- _Directions for this task_: Print the listing as it stands, omitting all images.

- _Record extracts_:
• • •
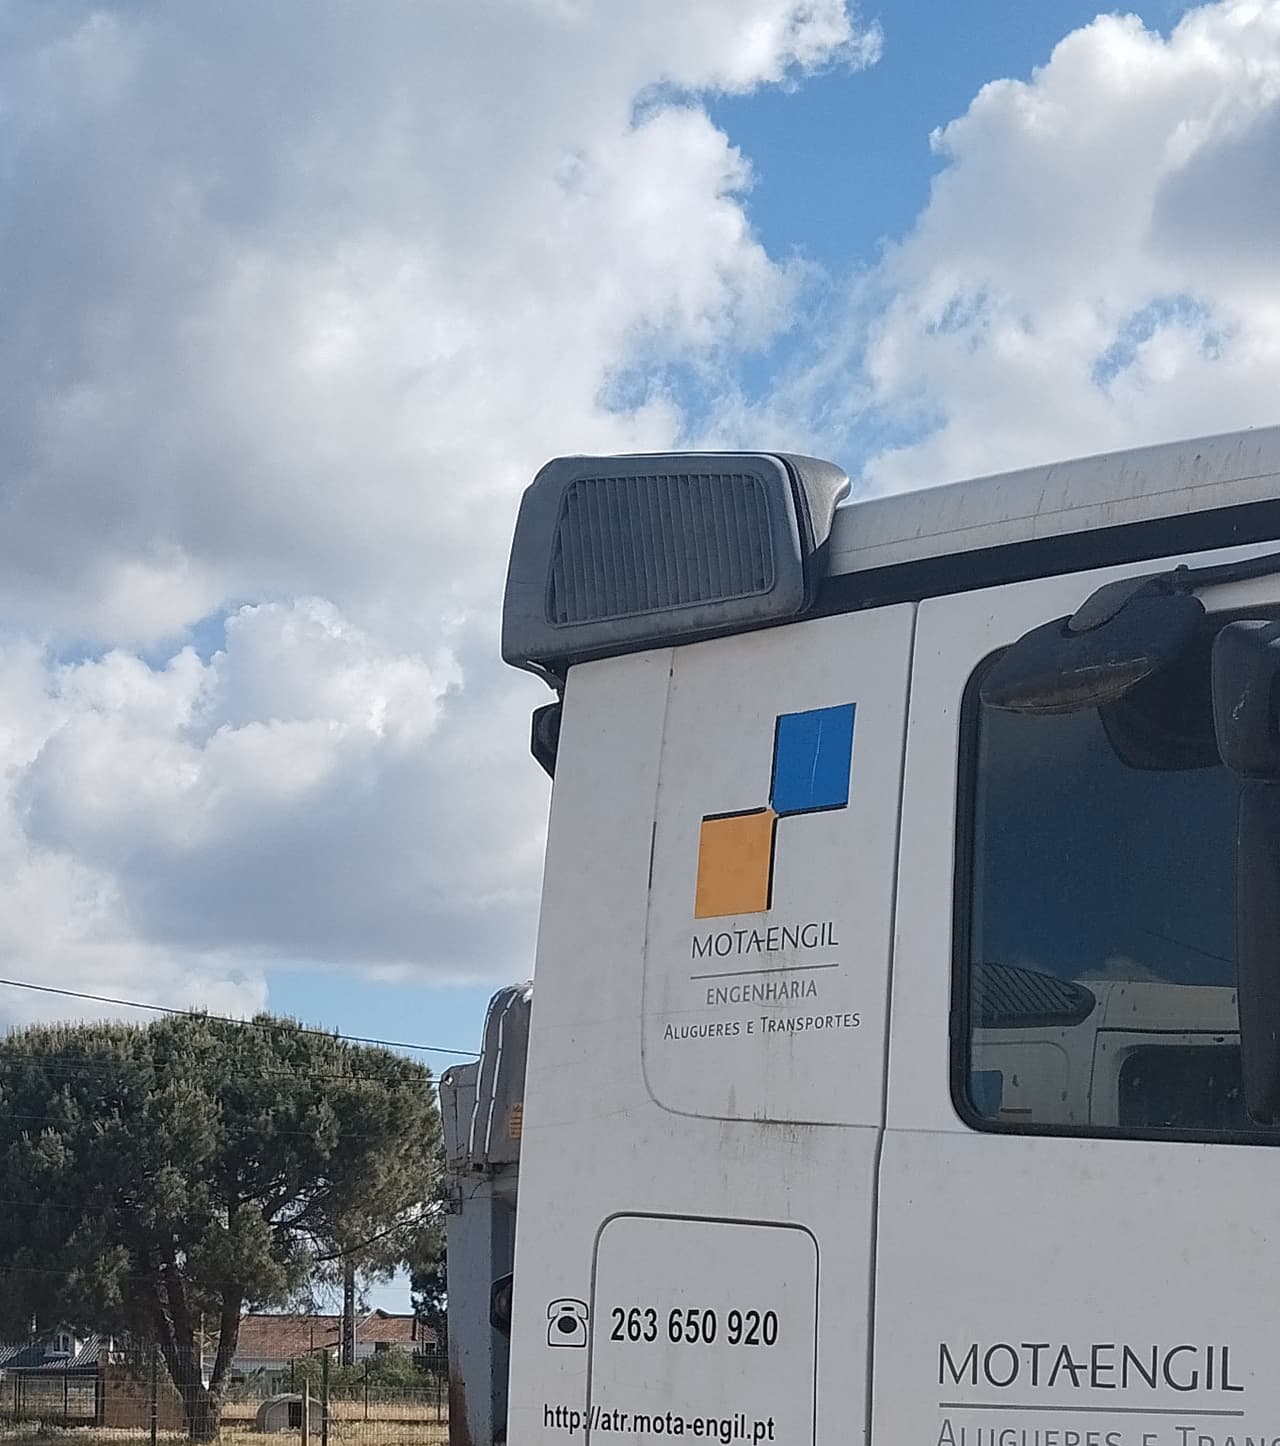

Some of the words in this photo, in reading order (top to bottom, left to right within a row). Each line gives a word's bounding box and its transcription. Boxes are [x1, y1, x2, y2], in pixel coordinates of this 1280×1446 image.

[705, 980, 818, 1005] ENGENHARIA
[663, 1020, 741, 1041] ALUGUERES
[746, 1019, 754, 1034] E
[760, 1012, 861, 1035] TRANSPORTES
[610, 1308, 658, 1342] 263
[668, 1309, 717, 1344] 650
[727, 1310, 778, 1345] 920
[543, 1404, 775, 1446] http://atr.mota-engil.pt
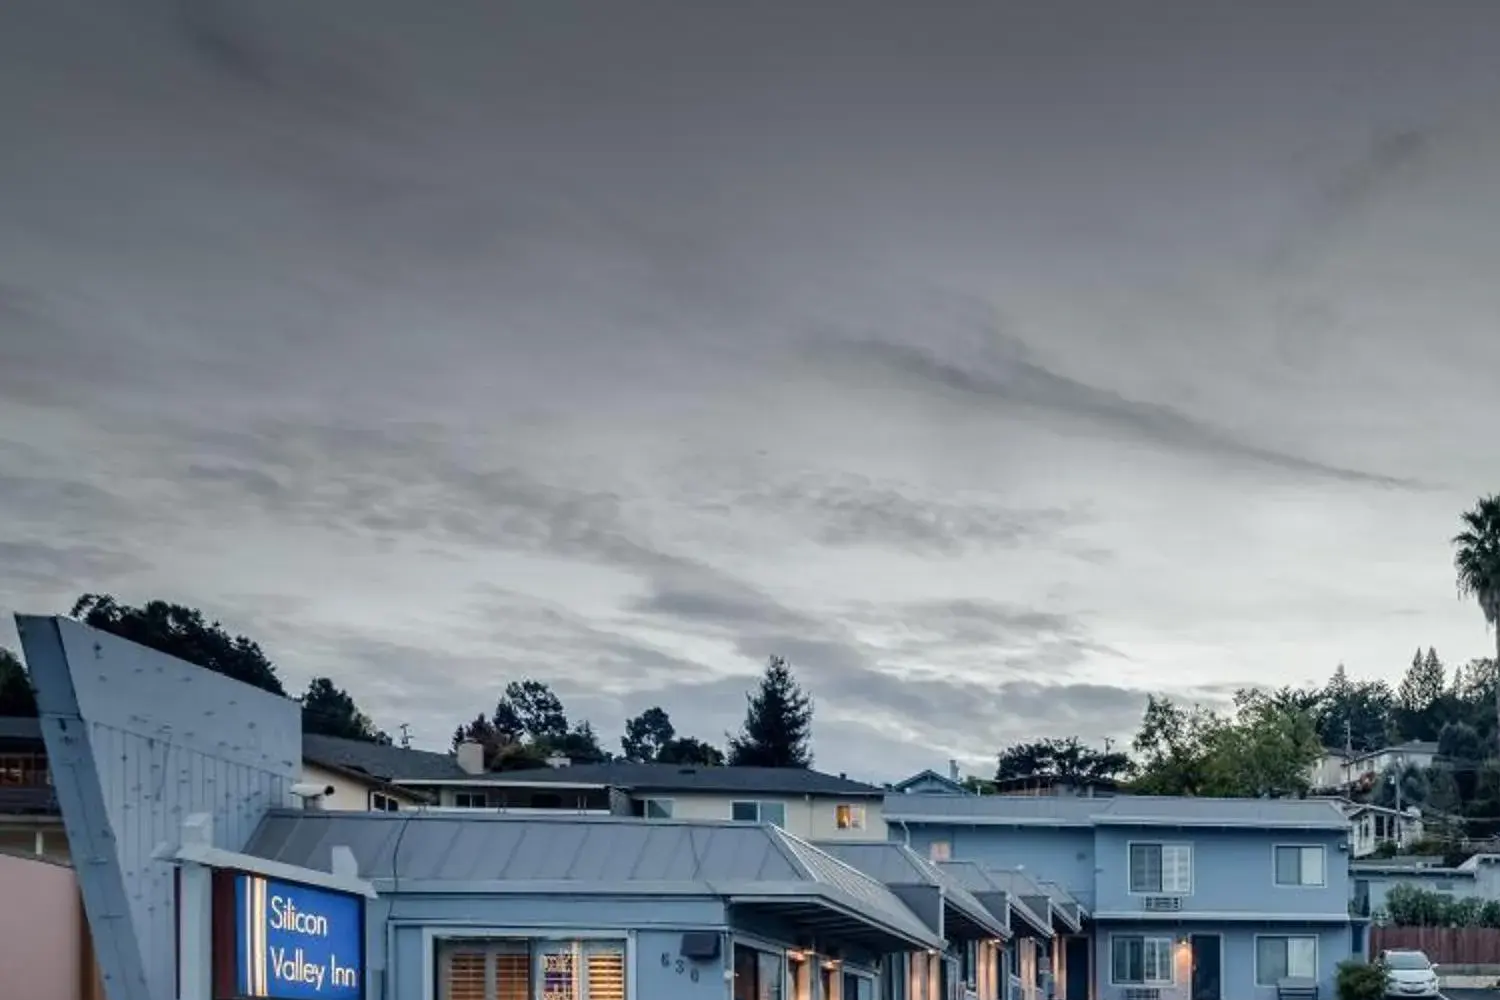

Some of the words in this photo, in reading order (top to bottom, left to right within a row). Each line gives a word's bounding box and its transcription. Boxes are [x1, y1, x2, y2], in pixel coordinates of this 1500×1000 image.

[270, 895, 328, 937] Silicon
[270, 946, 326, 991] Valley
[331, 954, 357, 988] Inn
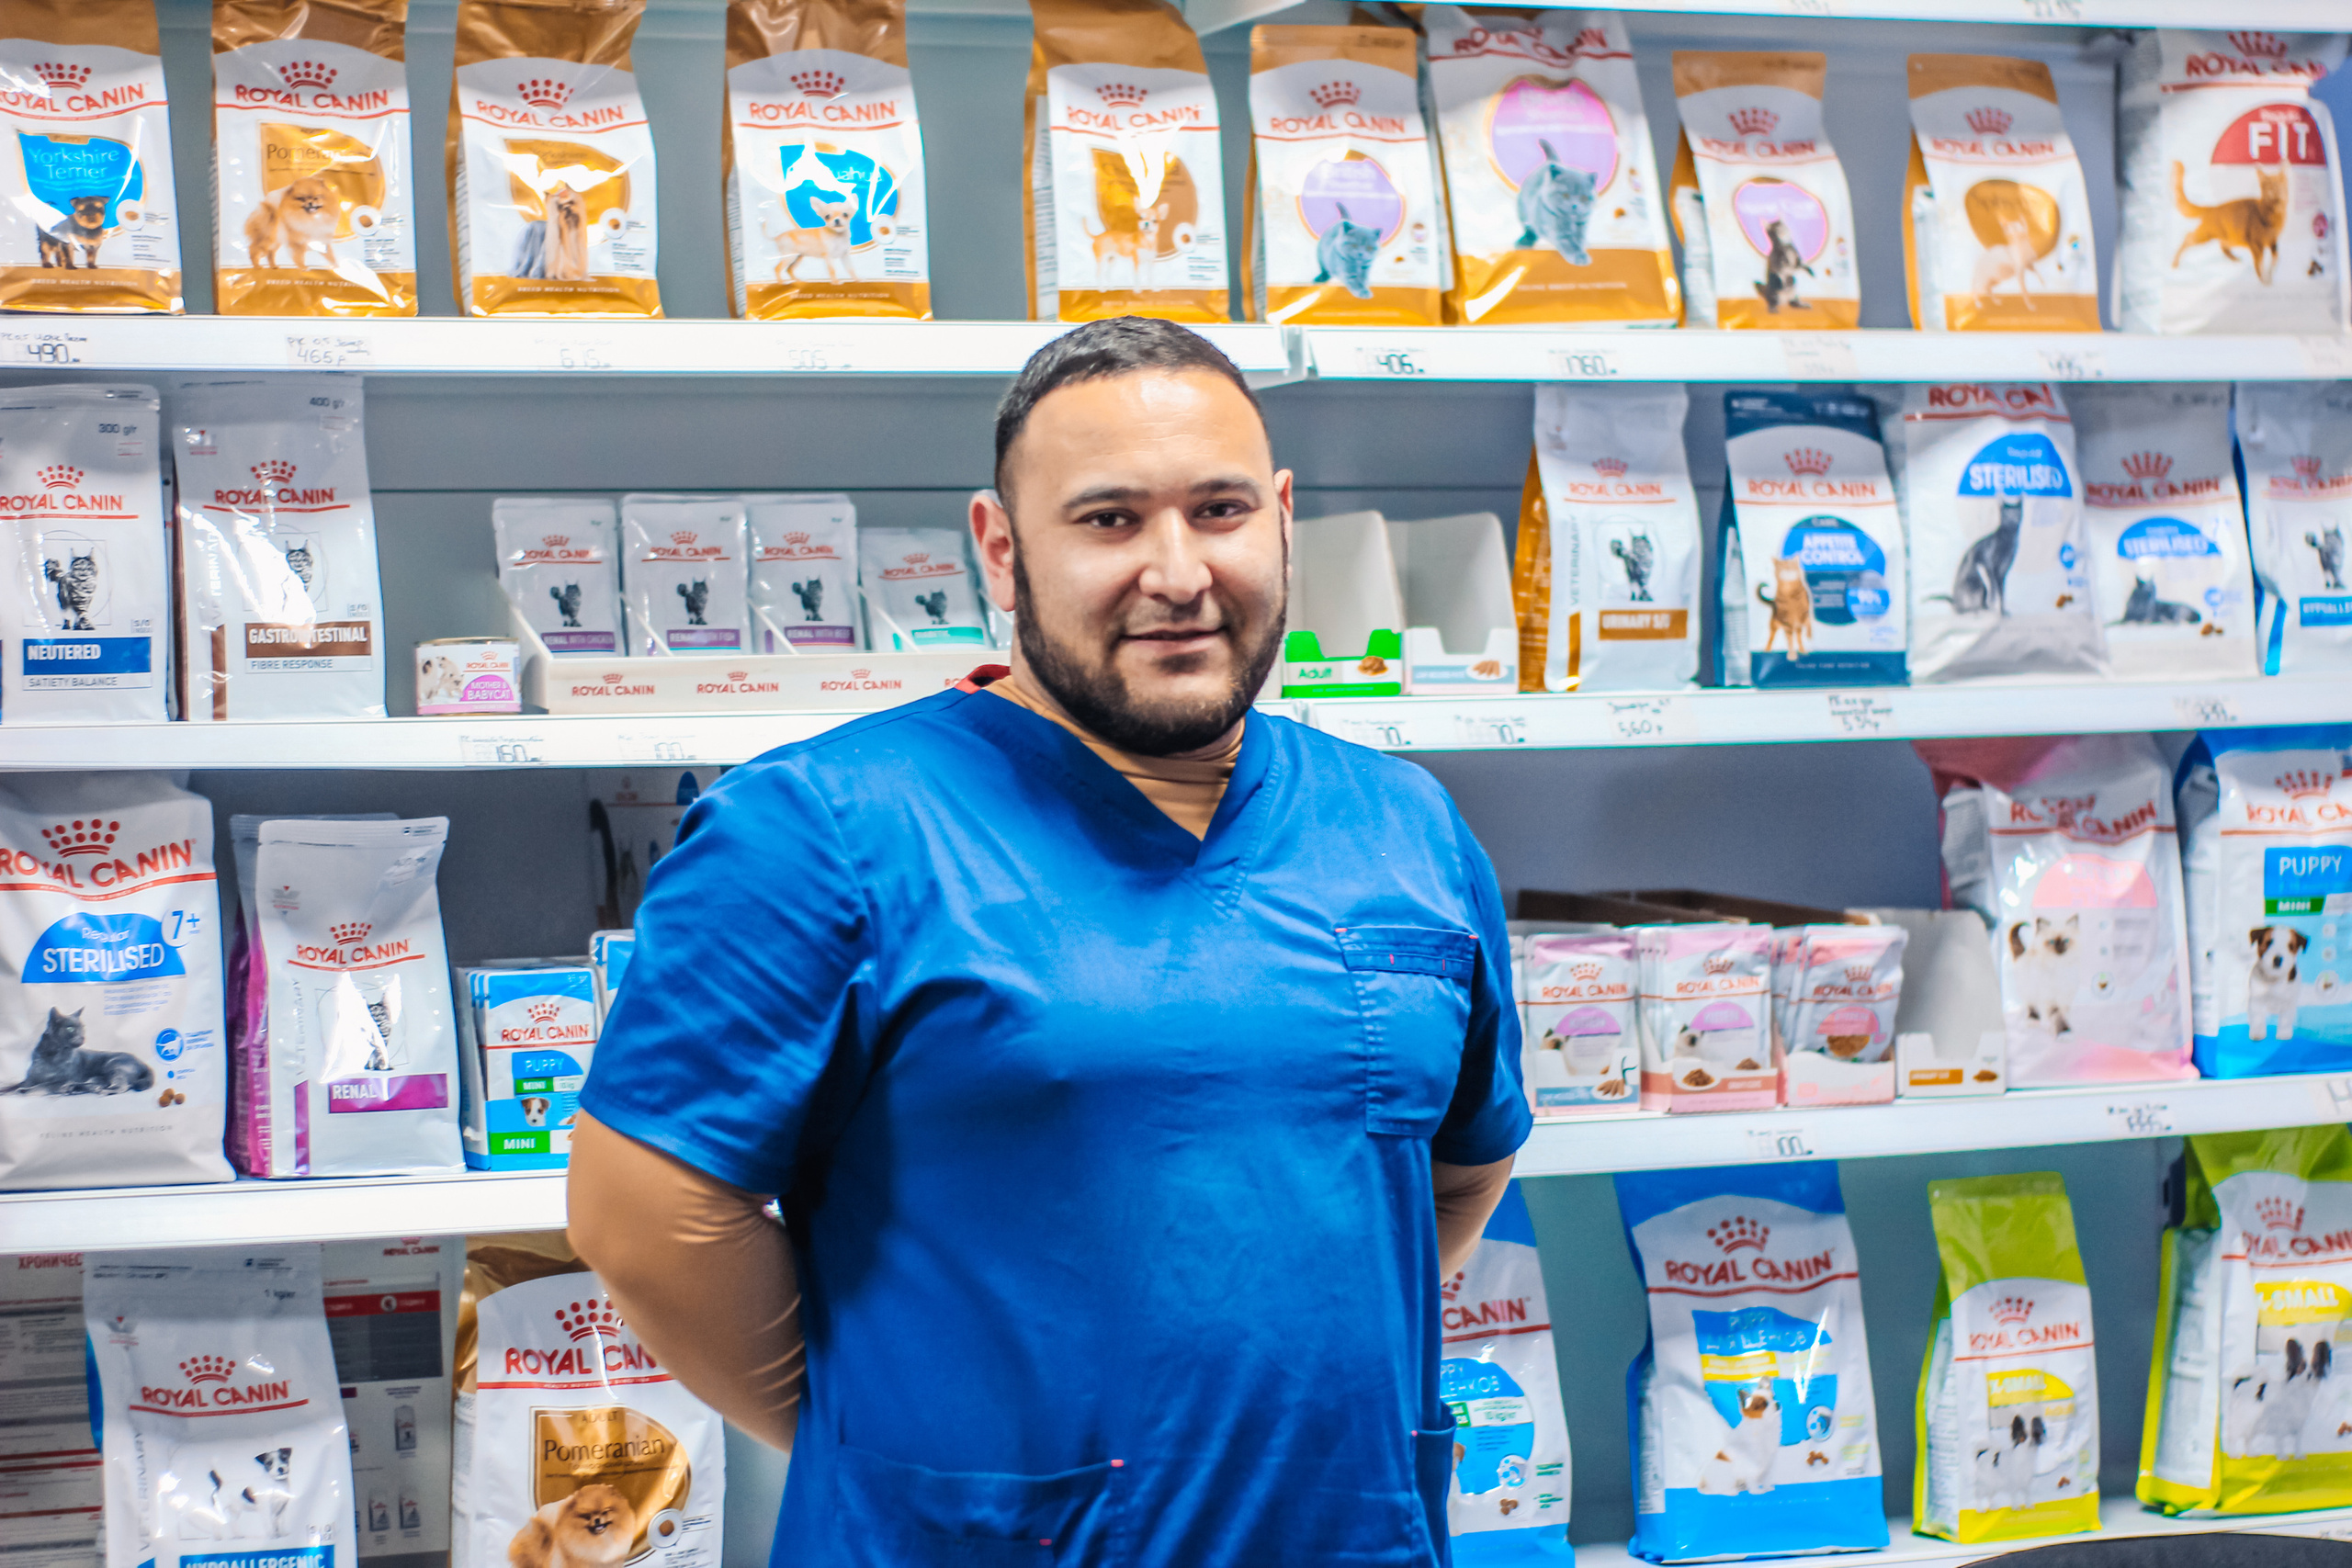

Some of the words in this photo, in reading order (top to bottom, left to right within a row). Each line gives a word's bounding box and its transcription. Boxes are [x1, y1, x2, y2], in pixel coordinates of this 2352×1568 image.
• • •
- _Answer section_:
Some of the words in this photo, in reading order (top to bottom, left to right within a row). Each line gives a word's bounding box and its transcription. Boxes are [x1, y1, x2, y2], in pixel coordinates of this 1280×1446 image.

[705, 980, 818, 1005] ENGENHARIA
[663, 1020, 741, 1041] ALUGUERES
[746, 1019, 754, 1034] E
[760, 1012, 861, 1035] TRANSPORTES
[610, 1308, 658, 1342] 263
[668, 1309, 717, 1344] 650
[727, 1310, 778, 1345] 920
[543, 1404, 775, 1446] http://atr.mota-engil.pt

Some of the words in this photo, in reading order (top to bottom, left to right within a row). Each line gives a word's bounding box and its transcription. Boxes are [x1, y1, x2, y2], in pixel coordinates of this 1500×1000 image.

[270, 895, 328, 937] Silicon
[270, 946, 326, 991] Valley
[331, 954, 357, 988] Inn

Some of the words in this photo, in reading order (top to bottom, left to right within a row). Each line gives a word's bounding box and its transcription. Boxes are [x1, y1, x2, y2], in pixel coordinates of this 2352×1568 image.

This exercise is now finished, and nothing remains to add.